A-B. Seven μm thick sections from frozen CLL lymphadenopathies (LA n.1, 2 and 3 corresponding to CLL patients n. 3, 18 and 28, respectively) were fixed in acetone and sequentially incubated with A) TUNEL (white) and antibodies against PNAd (red) or B) antibodies against PNAd (magenta), ephrinA4 (green), EphA2 (red). In all cases nuclei were counterstained with Hoechst (blue). Fluorescent images were taken in a laser confocal microscope (TCS SP-2 AOBS, Leica). A) Representative low magnification images (20x) of areas near the capsule (“Cortical” region, left panel) or deeper (>200um far from capsule, “Inner” regions; right panel). ii) Frequency of apoptotic nuclei around (≤ 20 μm) or separated from HEV in cortical and inner LA regions (*p<0.05; **p<0.01; ***p<0.001). B) i) HEV (PNAd+, magenta; dotted line) showed strong ephrinA4 staining co-localizing with EphA2. (63x). ii) Regions of interest (ROI) were traced around HEV according to EphA2 staining (left).

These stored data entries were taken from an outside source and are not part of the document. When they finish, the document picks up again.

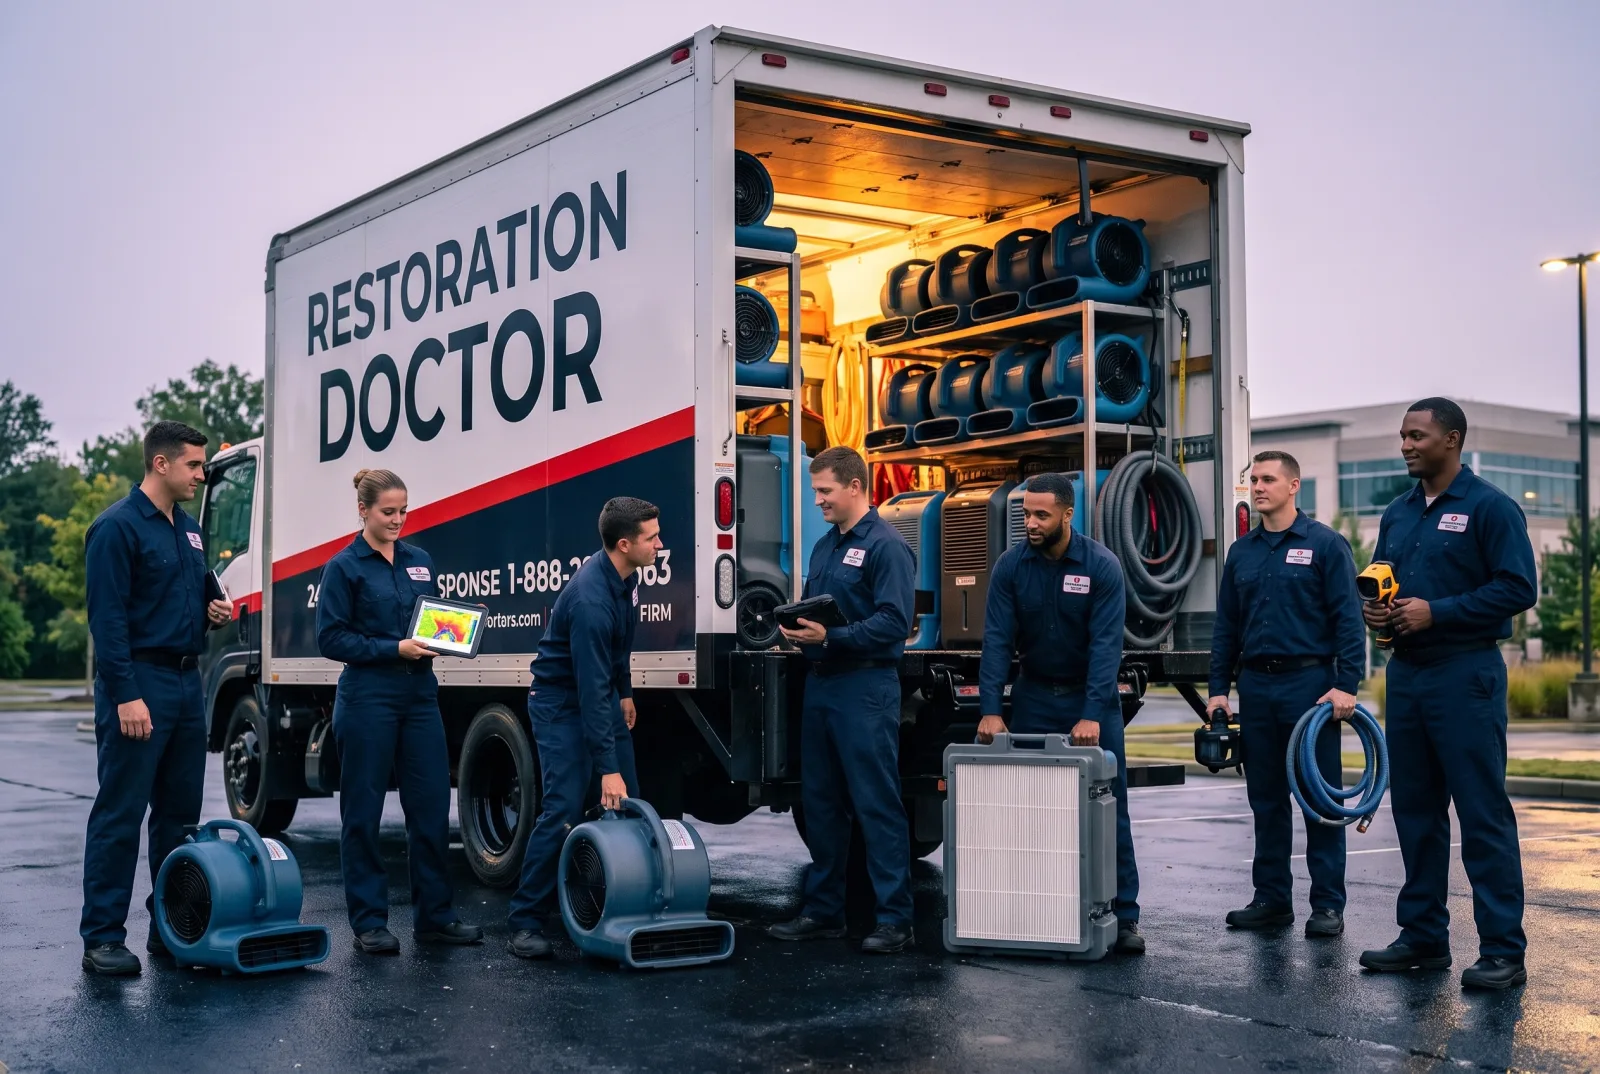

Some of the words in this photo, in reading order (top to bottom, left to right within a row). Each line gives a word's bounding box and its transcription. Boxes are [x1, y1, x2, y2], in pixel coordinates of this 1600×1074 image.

[308, 170, 627, 356] RESTORATION
[319, 291, 603, 463] DOCTOR
[437, 569, 501, 599] SPONSE
[507, 555, 592, 595] 1-888-
[640, 603, 672, 622] FIRM

Intensity of ephrinA4 staining within ROIs was measured (pseudocolor scale inset). iii) HEVs containing ≥ 10% pixels above 200 gray-scales were considered as positive. Whisper-box plots of > 20 measured fields from each LA section. Unpaired two-tailed Student's t-test significance values were *p<0.01; **p<0.005; ***p<0.001. C. Human CLL cells were stained with CFSE fluorescent tracer and adoptively transferred into germ-free young Balb/c mice (2×10⁷ per mice) by intravenous injection through the tail vein along with increasing concentrations of human soluble ephrinA4 purified from the sera of patients. Mice were sacrificed 24 hours later and cell suspensions from popliteal lymph nodes stained with an anti-mouse CD45 antibody, AnnexinV-PE and 7AAD for flow cytometry analysis. Human CLL cells were gated according to CFSE positivity and negativity for anti-mouse CD45 (Suppl. Figure S1). Data (mean±SD) were compared to mice receiving human CLL cells in PBS without ephrinA4. Five animals were used per sample and experimental condition. Paired two-tailed Student's T test significance values were *p<0.05; **p<0.01; ***p<0.001.